African-American residents: Down

“Pre-Katrina, about 66 percent of the population was African-American. We’ve lost about 97,000 African-American residents, which was a large chunk, so now, we’re just about 59 percent Africa-American.”

White residents: Down

“We also lost about 9,000 white residents. A lot of folks don’t realize that. But still proportionally now, the city has a larger share of whites, just because of how the African-American population has declined so much.”

Hispanic residents: Up

“We’ve gained about 6,000 Hispanics and a couple thousand Asians. So we’re diverse in a different kind of way than we were pre-Katrina.”

Bus transit: Down

“We used to have a pretty good system of buses, relative to many other cities in the country. Certainly not relative to New York or San Francisco, but relative to other cities. Those buses were flooded, as I think everybody saw. The reimbursement from FEMA was such that we were only able to acquire about one-fifth of the buses we had pre-Katrina. That means we have a lot fewer routes running right now and a lot less frequency. And that’s really hard for a lot of our workers who work in the tourism industry and rely on that.”
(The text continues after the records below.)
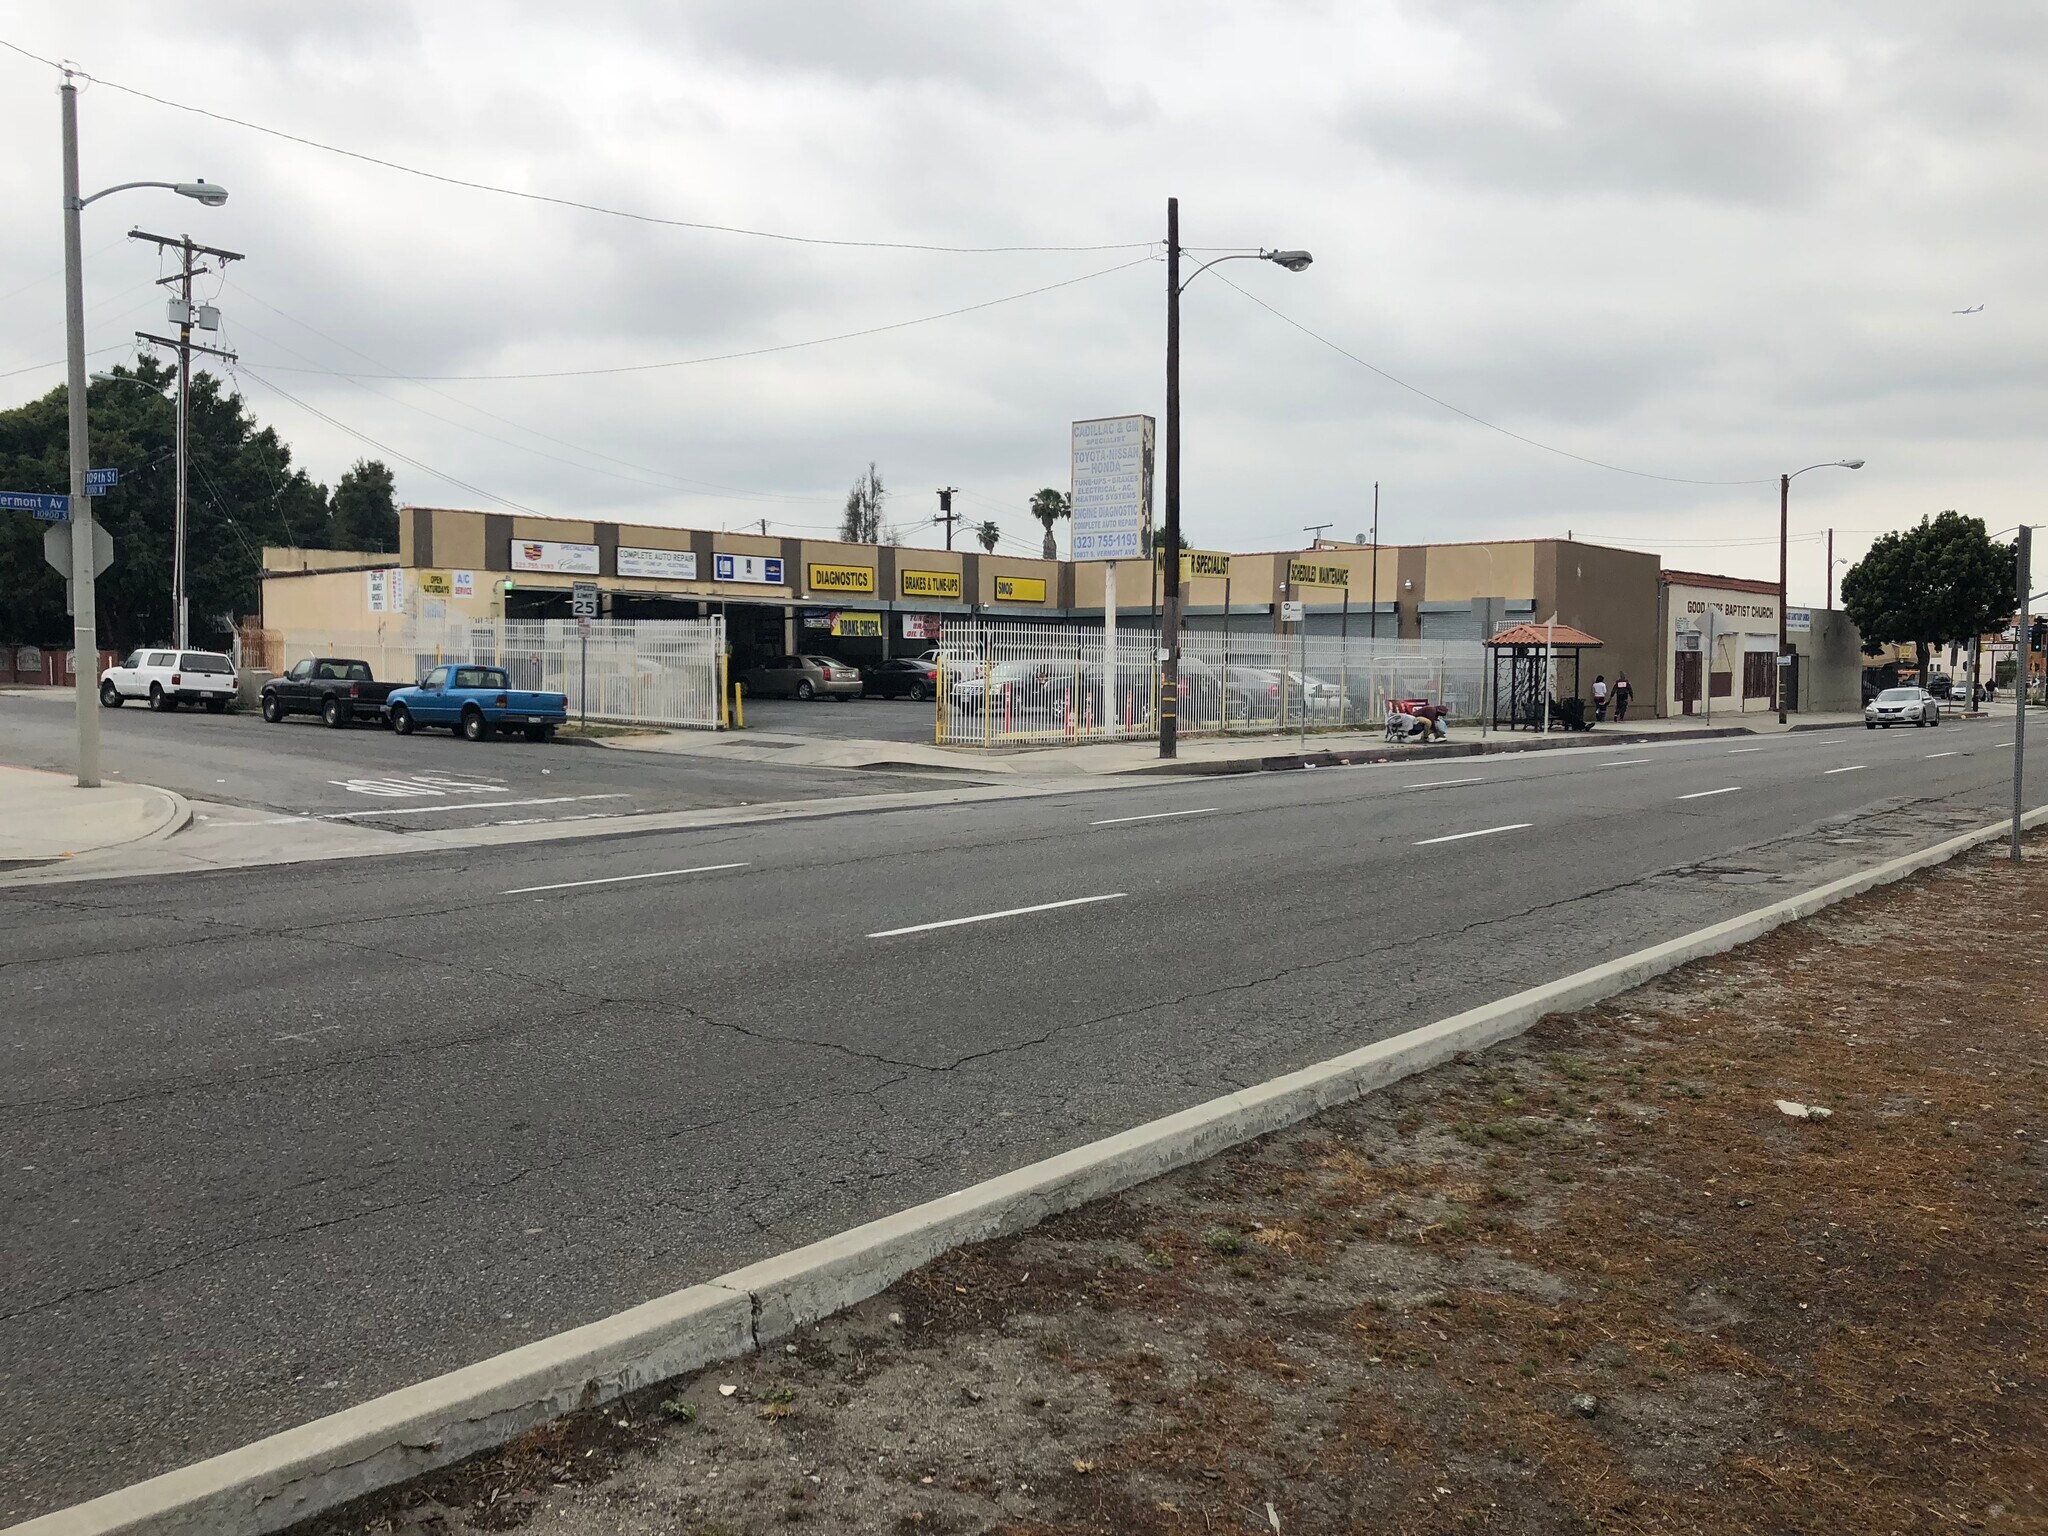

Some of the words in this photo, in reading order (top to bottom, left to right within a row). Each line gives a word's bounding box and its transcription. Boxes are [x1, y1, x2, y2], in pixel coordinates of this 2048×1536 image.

[1074, 423, 1114, 437] CADILLAC
[1117, 422, 1123, 433] &
[1126, 420, 1139, 432] GM
[1086, 435, 1126, 445] SPECIALIST
[1091, 461, 1121, 474] HONDA
[86, 472, 105, 483] 109th
[107, 471, 115, 483] St
[1077, 485, 1117, 494] ELECTRICAL
[0, 496, 42, 507] ermont
[49, 498, 62, 509] Av
[1075, 494, 1104, 503] HEATING
[1105, 492, 1136, 501] SYSTEMS
[37, 510, 60, 519] 10900
[62, 512, 67, 520] S
[1074, 507, 1097, 519] ENGINE
[1099, 504, 1138, 518] DIAGNOSTIC
[1074, 520, 1100, 530] COMPLETE
[1102, 520, 1117, 528] AUTO
[1118, 518, 1137, 527] REPAIR
[1074, 536, 1095, 549] (323)
[1097, 533, 1137, 547] 755-1193
[620, 550, 653, 559] COMPLETE
[673, 553, 694, 562] REPAIR
[1097, 549, 1122, 557] VERMONT
[1196, 554, 1230, 575] SPECIALIST
[430, 575, 443, 584] OPEN
[457, 573, 470, 584] A/C
[816, 570, 868, 587] DIAGNOSTICS
[1291, 564, 1316, 583] SCHEDULED
[1318, 566, 1349, 586] MAINTENANCE
[423, 584, 450, 594] SATURDAYS
[905, 576, 926, 590] BRAKES
[927, 577, 932, 590] &
[932, 577, 958, 592] TUNE-UPS
[455, 587, 473, 595] SERVICE
[574, 601, 595, 614] 25
[1687, 601, 1706, 613] GOOD
[1724, 603, 1750, 617] BAPTIST
[1751, 605, 1774, 619] CHURCH
[840, 620, 859, 635] BRAKE
[860, 620, 879, 636] CHECK
Community-based clinics: Up

“There’s been a movement towards community-based clinics that spawned, really, out of Katrina, and has been more effective in supplying primary health care than our previous model, which was all centralized downtown in the [Charity Hospital region]. It delivered a lot of other care really well, but for primary care, this decentralized system of clinics has proven to give more access to low-income communities. And we’re seeing that now in the studies that are coming out.”

Grocery stores: Mixed

“Grocery stores have rebounded to pre-Katrina levels. Tulane just came out with a study on that. Pre-Katrina levels were not as good as they should be, we still have food deserts, but there was a time it was really dire here, in terms of availability of grocery stores.”